But is Don Draper a/k/a Dick Whitman (played by uber-handsome Jon Hamm)  the typical  early 1960s guy?  Not even close.  In fact, as I wrote last year, since he’s written largely by women, they’ve written him in an anti-male fashion.  In some ways, it’s even anti-American, since the show tells us that a Korean War vet and successful advertising exec can only be a serial adulterer and liar (pretty much every guy at the ad agency is–including the married gay guy, who was fired last season). Not to mention, the son of a hooker.  The guy’s a lout . . . a very hot lout.  But a lout, nonetheless.  And now, with Season 4, he’s a divorced lout living in Greenwich Village and “seeing” (euphemism) prostitutes. It’s “Desperate Housewives” played by men.
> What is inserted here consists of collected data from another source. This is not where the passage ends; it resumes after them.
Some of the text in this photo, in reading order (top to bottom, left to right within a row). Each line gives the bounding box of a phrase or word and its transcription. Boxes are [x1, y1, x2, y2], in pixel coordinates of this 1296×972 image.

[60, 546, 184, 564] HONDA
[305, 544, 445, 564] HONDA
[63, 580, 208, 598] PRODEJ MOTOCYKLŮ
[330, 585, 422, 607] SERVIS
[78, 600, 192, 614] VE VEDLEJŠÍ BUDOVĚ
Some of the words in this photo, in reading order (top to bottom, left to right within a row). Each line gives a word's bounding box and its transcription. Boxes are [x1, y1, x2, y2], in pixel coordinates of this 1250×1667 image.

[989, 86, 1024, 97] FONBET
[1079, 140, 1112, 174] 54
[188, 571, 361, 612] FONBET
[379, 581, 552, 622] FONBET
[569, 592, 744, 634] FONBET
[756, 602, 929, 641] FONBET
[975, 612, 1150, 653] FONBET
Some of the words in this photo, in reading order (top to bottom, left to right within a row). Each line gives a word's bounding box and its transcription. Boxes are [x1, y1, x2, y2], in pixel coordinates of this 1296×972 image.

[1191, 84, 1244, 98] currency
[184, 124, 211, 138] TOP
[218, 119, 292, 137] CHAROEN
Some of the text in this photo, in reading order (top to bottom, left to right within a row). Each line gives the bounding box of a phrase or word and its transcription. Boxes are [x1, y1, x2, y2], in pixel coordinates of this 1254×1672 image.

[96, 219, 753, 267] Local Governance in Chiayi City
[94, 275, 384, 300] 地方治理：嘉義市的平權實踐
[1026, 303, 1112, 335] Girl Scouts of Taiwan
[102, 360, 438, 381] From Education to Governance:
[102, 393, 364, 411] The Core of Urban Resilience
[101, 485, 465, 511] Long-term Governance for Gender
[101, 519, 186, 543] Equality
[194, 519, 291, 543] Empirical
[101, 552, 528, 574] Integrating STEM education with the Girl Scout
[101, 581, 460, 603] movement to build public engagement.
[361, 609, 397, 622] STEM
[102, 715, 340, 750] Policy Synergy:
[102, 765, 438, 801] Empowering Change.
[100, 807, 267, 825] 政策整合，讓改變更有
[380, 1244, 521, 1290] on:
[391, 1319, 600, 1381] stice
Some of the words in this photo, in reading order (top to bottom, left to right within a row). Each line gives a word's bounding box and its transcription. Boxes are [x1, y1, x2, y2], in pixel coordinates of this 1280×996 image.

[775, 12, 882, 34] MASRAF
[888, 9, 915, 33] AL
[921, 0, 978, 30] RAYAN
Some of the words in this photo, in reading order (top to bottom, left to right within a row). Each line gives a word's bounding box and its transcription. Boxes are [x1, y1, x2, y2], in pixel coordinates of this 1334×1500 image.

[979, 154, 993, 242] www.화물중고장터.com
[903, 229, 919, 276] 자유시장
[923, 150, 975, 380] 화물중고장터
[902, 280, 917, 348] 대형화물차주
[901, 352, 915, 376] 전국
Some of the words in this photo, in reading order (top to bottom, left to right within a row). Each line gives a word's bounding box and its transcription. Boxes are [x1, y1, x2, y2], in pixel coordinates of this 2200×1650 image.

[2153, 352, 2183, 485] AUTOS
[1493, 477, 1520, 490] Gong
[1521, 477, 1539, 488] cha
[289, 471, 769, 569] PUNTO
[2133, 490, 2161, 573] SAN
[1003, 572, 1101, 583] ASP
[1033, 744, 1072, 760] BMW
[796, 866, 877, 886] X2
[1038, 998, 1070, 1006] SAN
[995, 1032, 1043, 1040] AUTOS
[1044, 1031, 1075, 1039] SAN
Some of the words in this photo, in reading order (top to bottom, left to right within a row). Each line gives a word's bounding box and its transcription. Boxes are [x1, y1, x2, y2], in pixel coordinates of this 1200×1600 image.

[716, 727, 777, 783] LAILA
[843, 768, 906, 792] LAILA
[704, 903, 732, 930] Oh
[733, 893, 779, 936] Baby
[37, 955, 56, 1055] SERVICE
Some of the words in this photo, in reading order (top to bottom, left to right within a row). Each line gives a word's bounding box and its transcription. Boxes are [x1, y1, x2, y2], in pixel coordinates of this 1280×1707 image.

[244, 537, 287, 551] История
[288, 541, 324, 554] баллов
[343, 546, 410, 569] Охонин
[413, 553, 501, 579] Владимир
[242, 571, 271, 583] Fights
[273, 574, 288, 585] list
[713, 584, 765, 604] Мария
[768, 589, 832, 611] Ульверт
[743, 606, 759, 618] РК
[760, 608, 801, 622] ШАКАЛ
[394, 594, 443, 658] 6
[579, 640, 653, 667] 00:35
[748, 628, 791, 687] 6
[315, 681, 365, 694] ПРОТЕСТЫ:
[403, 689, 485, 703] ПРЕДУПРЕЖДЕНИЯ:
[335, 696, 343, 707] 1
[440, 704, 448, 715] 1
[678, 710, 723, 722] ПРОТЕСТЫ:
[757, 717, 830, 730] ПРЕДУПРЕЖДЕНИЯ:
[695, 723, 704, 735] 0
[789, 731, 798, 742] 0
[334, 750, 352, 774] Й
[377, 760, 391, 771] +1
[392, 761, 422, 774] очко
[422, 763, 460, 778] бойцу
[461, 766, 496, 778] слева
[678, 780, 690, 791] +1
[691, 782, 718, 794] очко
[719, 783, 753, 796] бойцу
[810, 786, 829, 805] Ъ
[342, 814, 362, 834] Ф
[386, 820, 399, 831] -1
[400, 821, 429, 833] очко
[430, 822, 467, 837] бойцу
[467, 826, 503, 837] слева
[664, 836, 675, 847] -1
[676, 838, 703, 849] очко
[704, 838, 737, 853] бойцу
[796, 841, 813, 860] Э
So, did you watch?  (I did not, as mine is a cable-free household, and I have to wait for the Season 4 DVD to come out, but then I watch the whole season of episodes back-to-back.)  Did you like it?  Did Season 4–with the new ad agency–live up to the usual “Mad Men” expectations and drama?  Or is it getting old?  I bet the former, though Don Draper as a single guy probably loses a lot of his appeal, since it’s no longer cheating, so not as dramatically exciting (like Howard Stern going to satellite, and he no longer has to watch what he says and broach a line he can’t cross).  But I’ll rely on those of you who watched to give me your reviews.

For now, pour me an “Old Fashioned” from the virtual 24/7 Mad Men bar.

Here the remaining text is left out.